- Directions: Word for word, restate every record, though not the pictures.

BEGIN

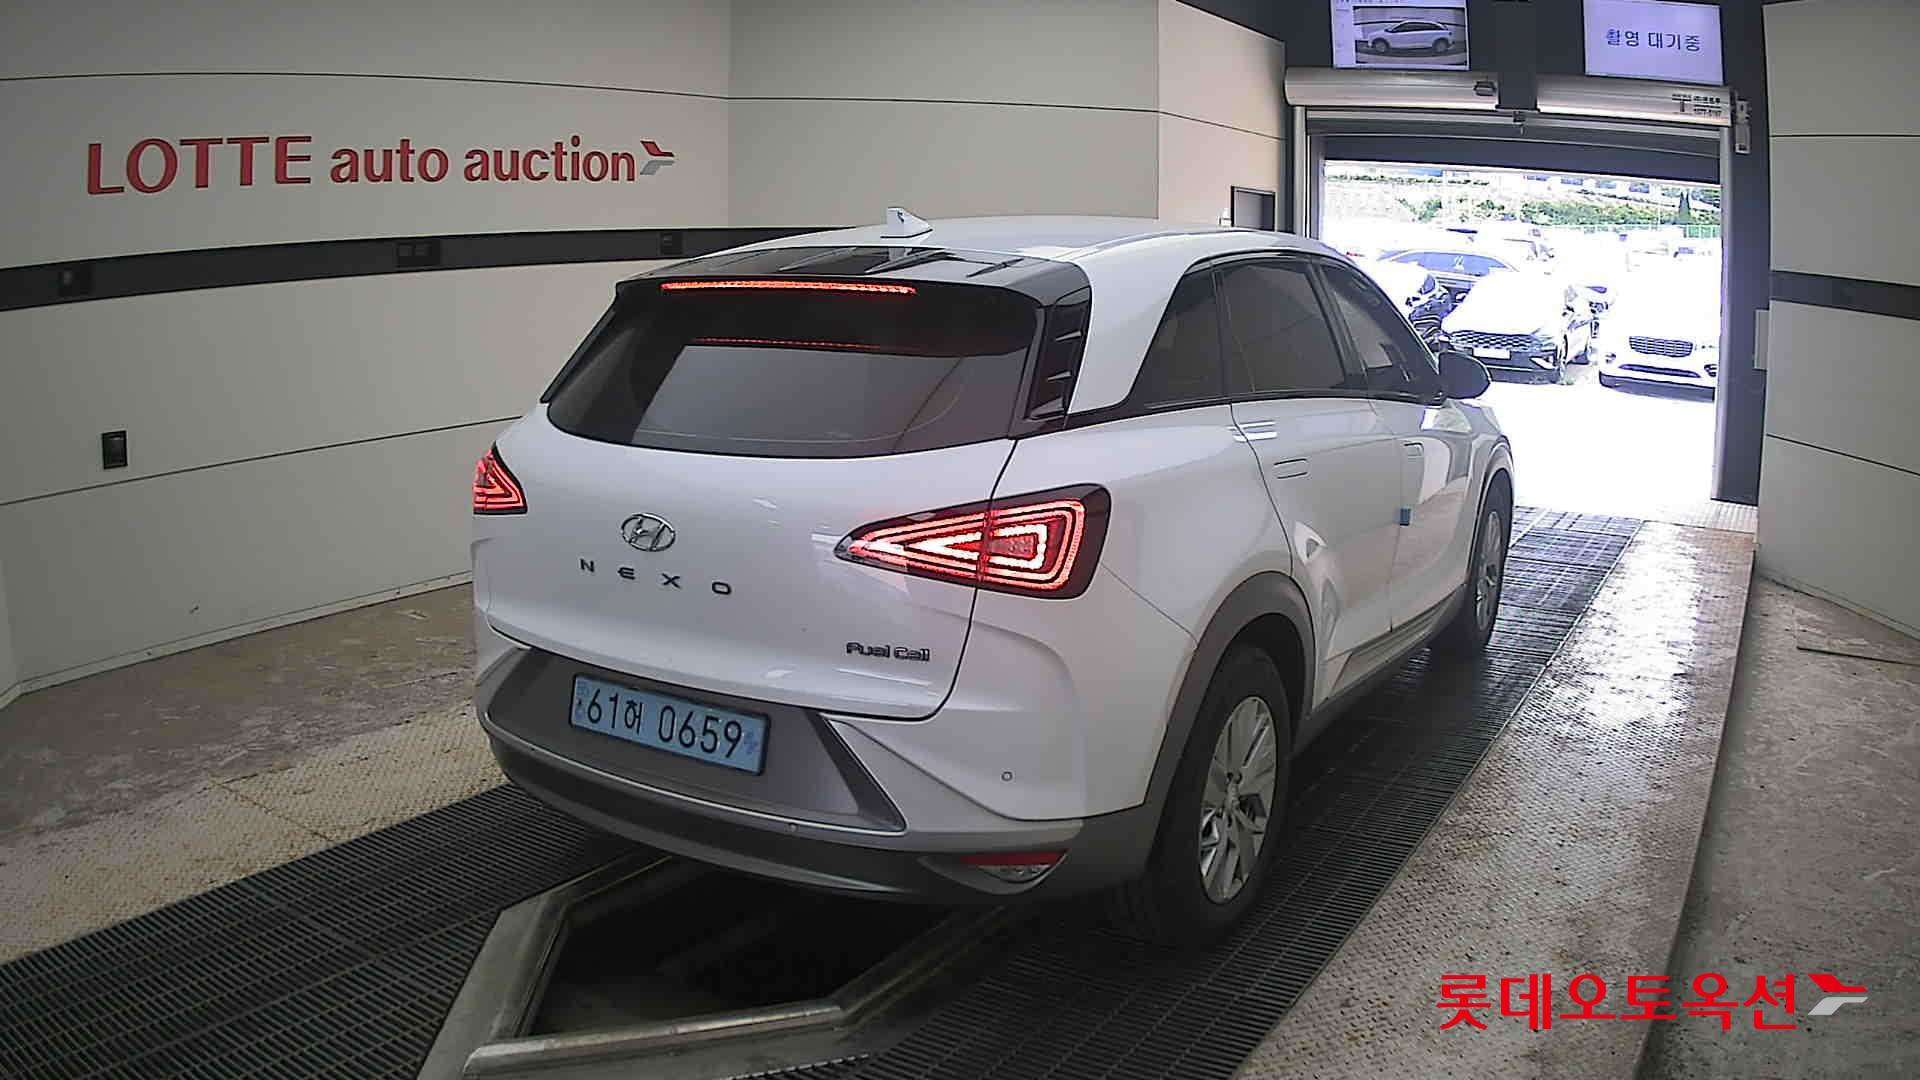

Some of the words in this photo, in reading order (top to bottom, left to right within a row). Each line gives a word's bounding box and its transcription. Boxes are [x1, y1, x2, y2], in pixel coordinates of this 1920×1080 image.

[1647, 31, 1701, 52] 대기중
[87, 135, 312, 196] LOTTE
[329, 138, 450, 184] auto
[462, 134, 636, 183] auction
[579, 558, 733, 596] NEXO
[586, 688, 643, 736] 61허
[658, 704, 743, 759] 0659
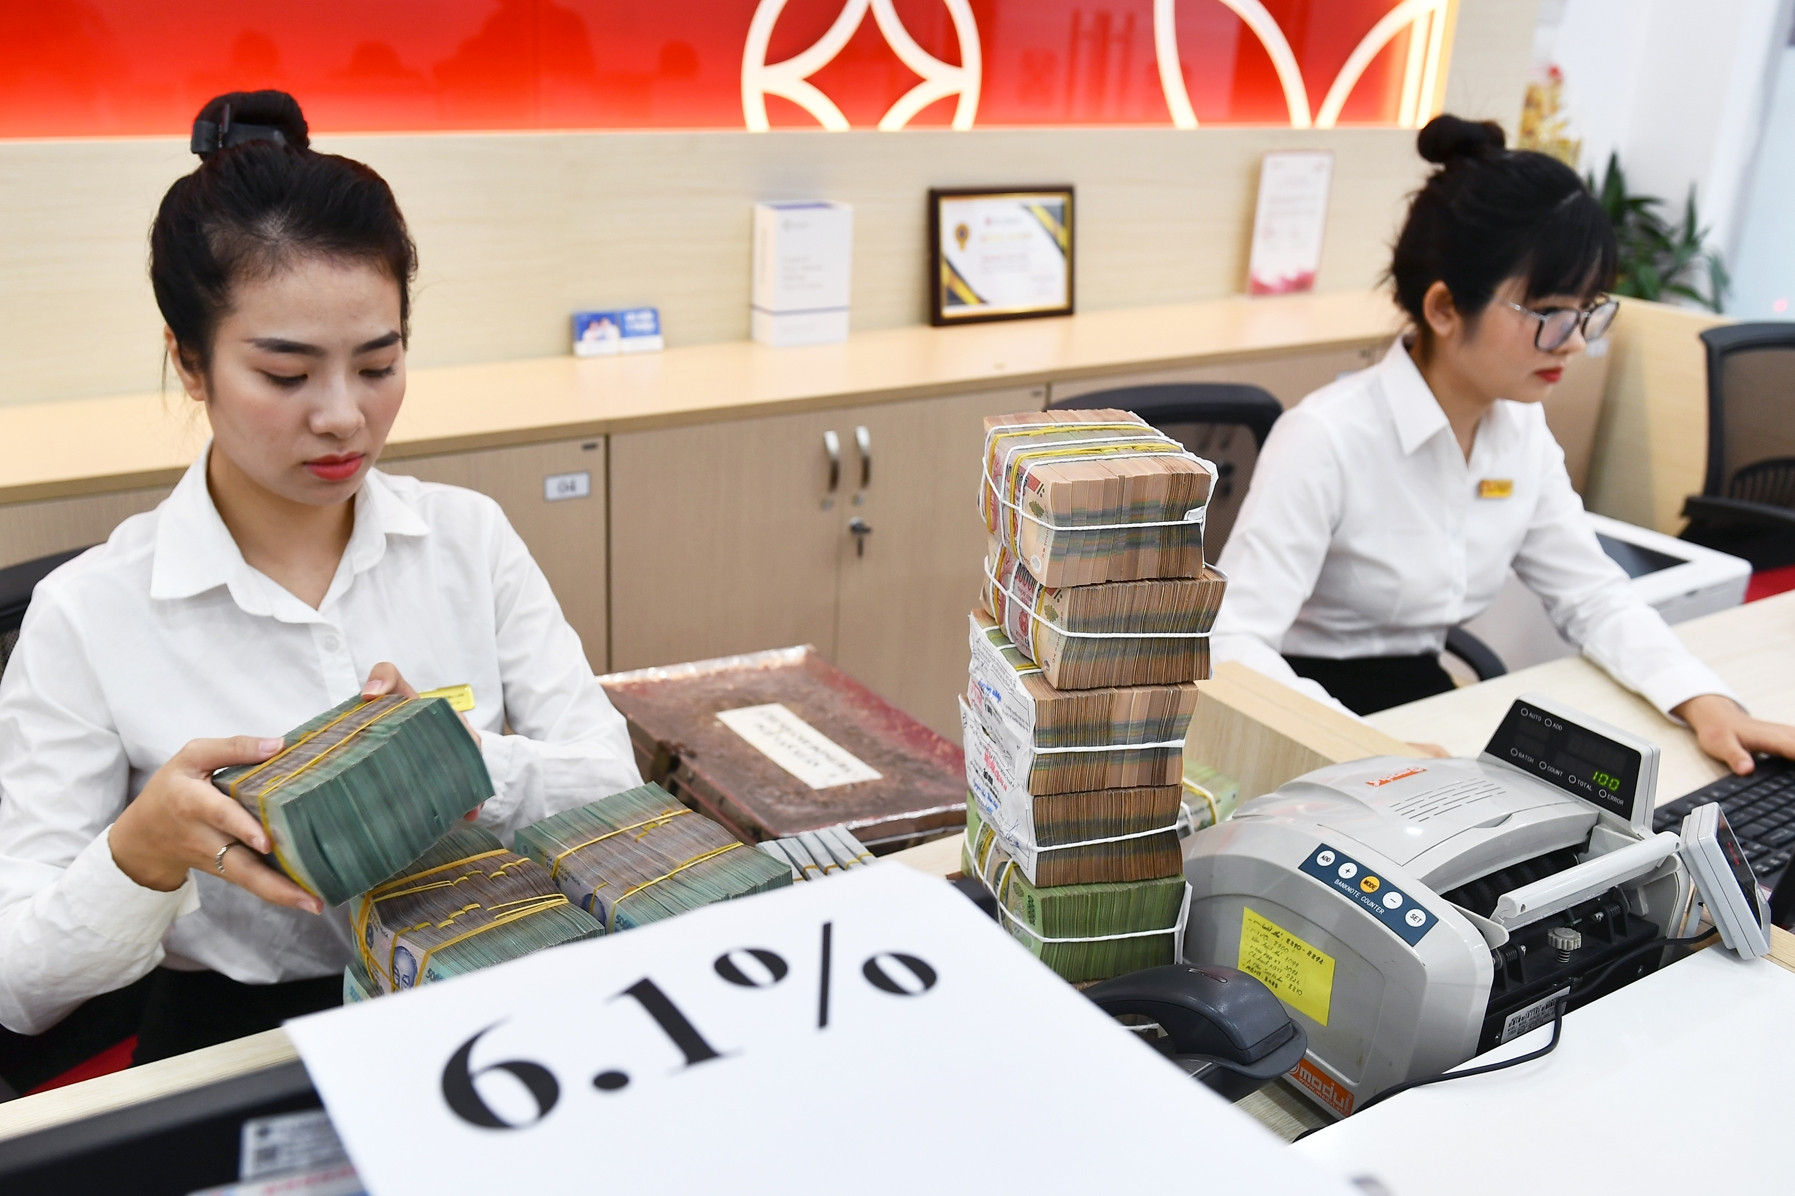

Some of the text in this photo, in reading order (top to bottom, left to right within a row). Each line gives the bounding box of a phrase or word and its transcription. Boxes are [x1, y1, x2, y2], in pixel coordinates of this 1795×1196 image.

END

- Answer space:
Some of the words in this photo, in reading order (top to bottom, left to right within a row). Each line gives a word's bounding box and its transcription. Boxes are [x1, y1, x2, y2], in pixel coordinates of this 1920×1080 image.

[1647, 31, 1701, 52] 대기중
[87, 135, 312, 196] LOTTE
[329, 138, 450, 184] auto
[462, 134, 636, 183] auction
[579, 558, 733, 596] NEXO
[586, 688, 643, 736] 61허
[658, 704, 743, 759] 0659

Some of the text in this photo, in reading order (top to bottom, left to right within a row). Each line gives the bounding box of a phrase or word and its transcription. Boxes are [x1, y1, x2, y2], in pixel coordinates of this 1795×1196 image.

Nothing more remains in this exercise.